### What this task involves
A faithful repeat of all the records, with no image kept, is the required answer.
----
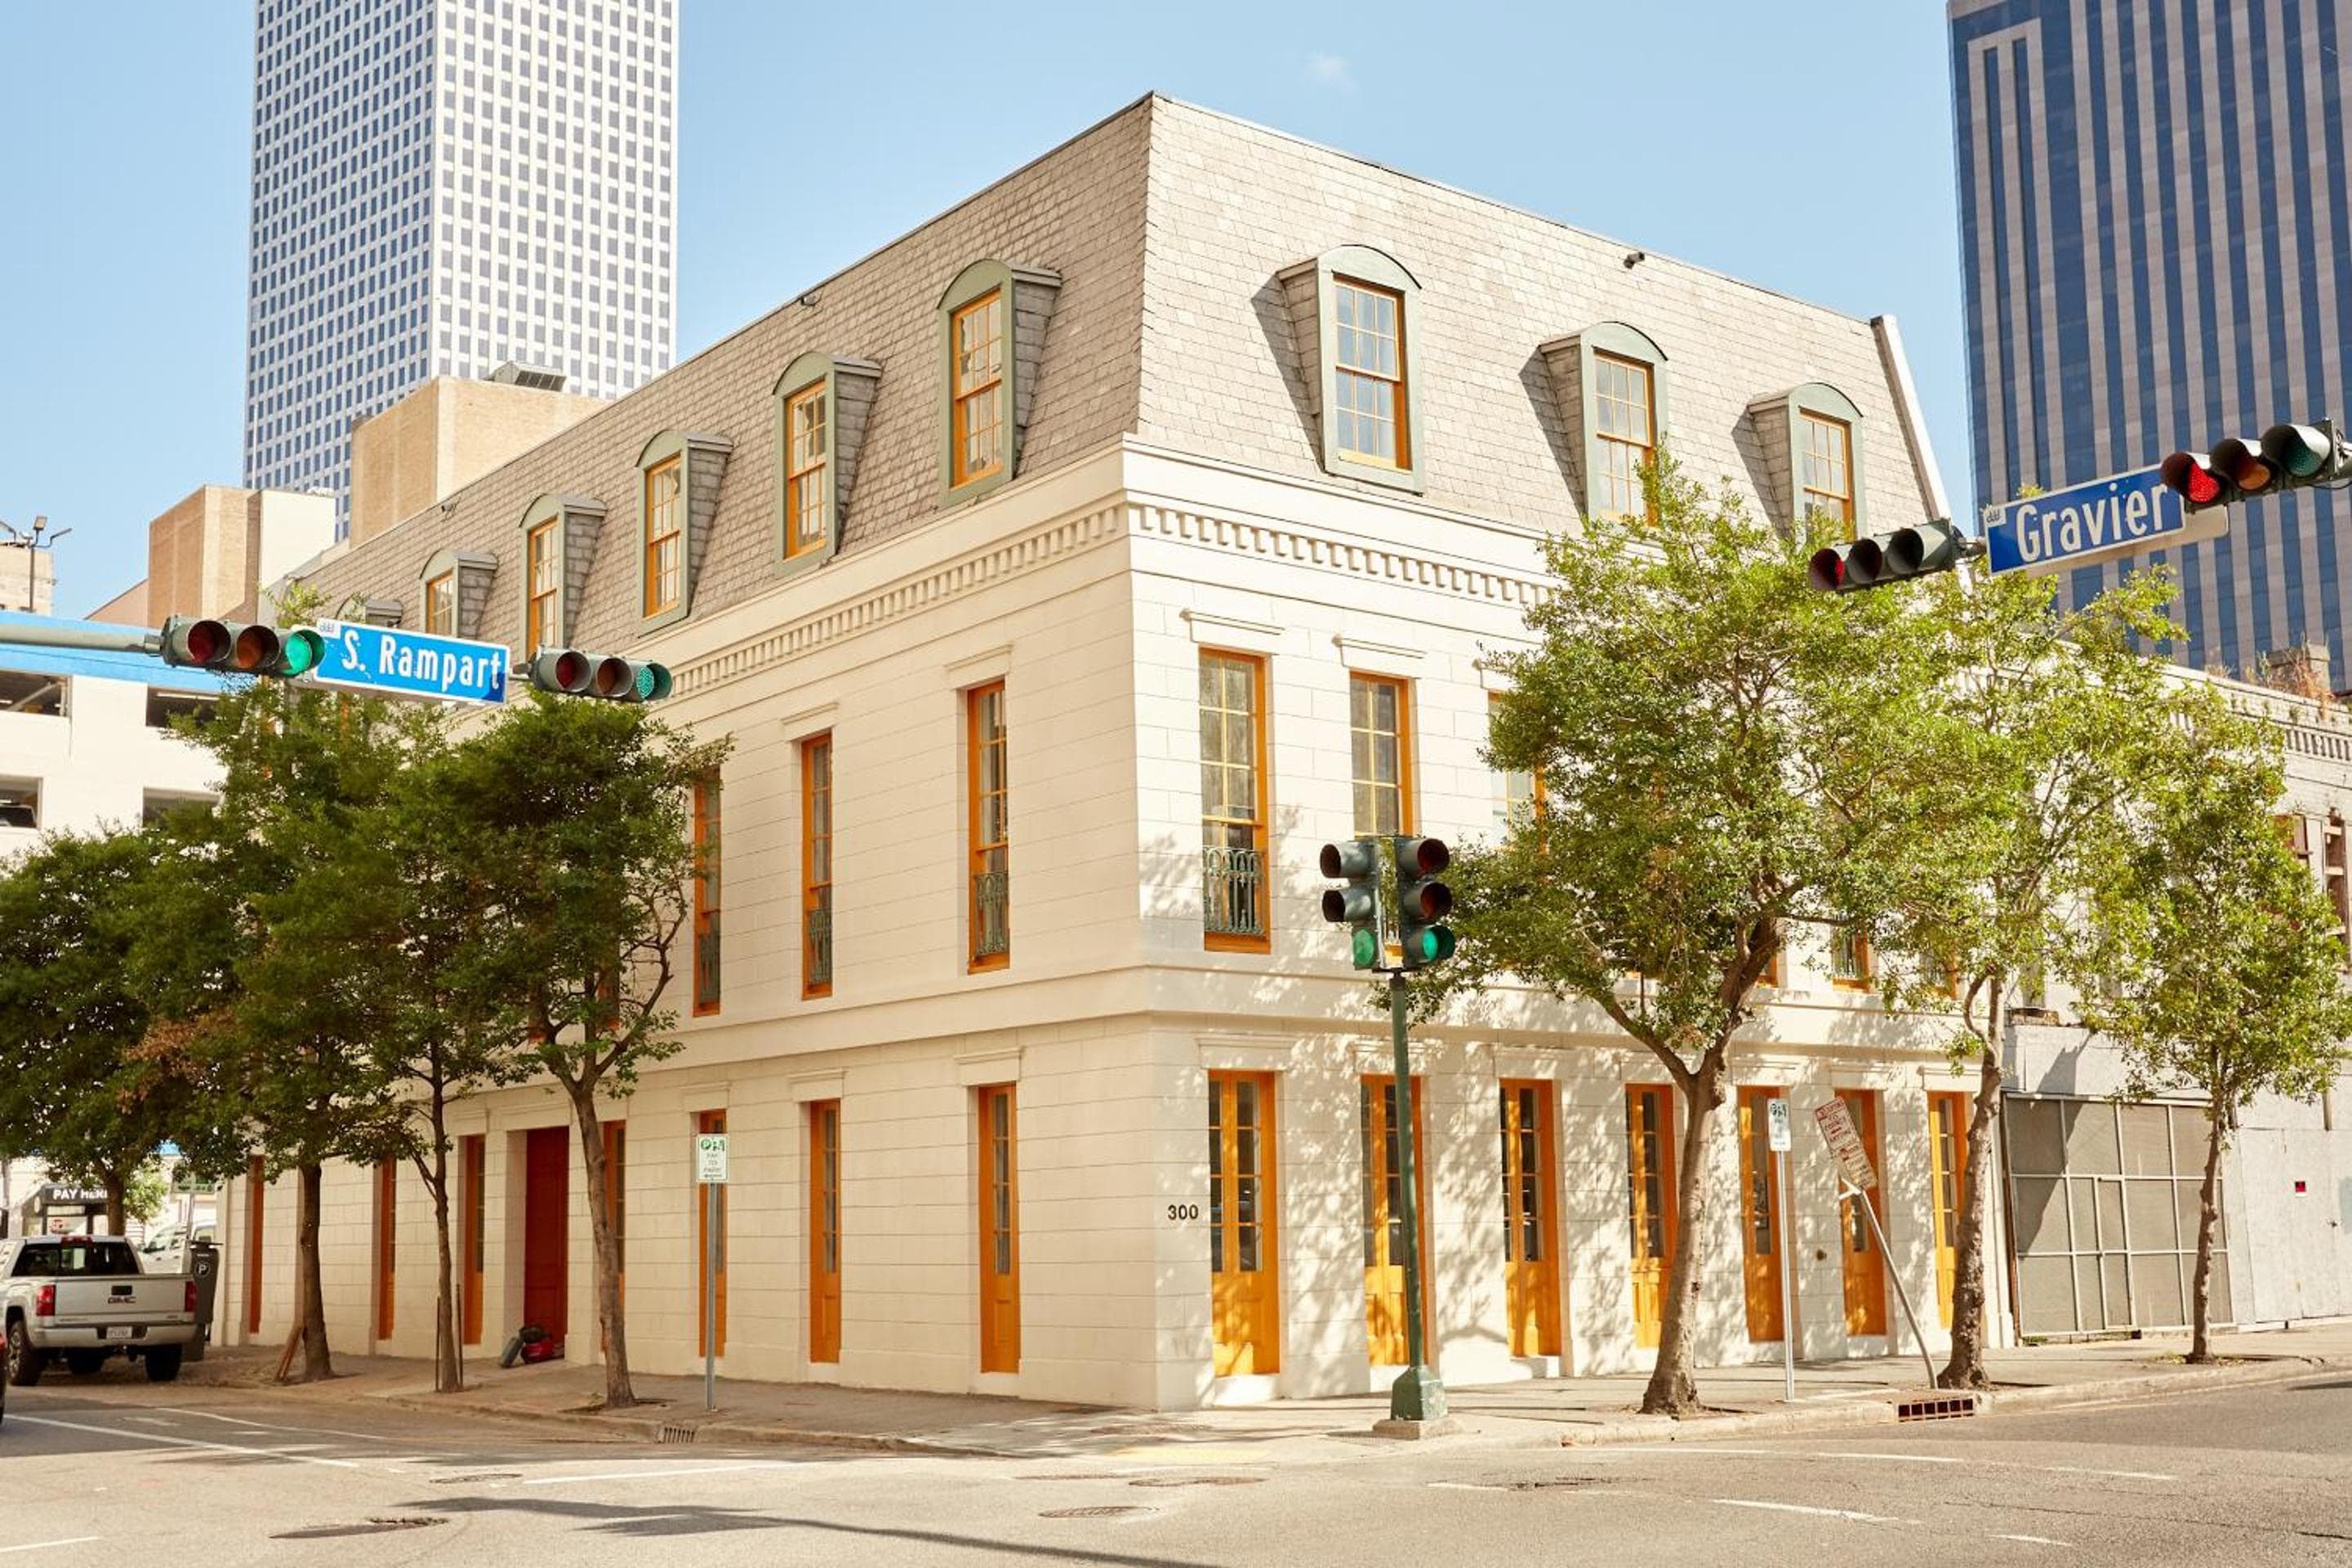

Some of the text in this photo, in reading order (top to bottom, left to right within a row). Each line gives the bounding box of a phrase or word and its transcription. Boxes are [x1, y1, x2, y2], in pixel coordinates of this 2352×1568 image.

[2016, 483, 2168, 563] Gravier
[341, 630, 501, 693] S. Rampart
[53, 1188, 108, 1200] PAY HER
[1167, 1205, 1199, 1220] 300
[198, 1264, 207, 1274] P
[108, 1296, 136, 1304] GMC
----
### Completed task
Some of the text in this photo, in reading order (top to bottom, left to right within a row). Each line gives the bounding box of a phrase or word and its transcription. Boxes are [x1, y1, x2, y2], in pixel coordinates of this 2352×1568 image.

[2016, 483, 2168, 563] Gravier
[341, 630, 501, 693] S. Rampart
[53, 1188, 108, 1200] PAY HER
[1167, 1205, 1199, 1220] 300
[198, 1264, 207, 1274] P
[108, 1296, 136, 1304] GMC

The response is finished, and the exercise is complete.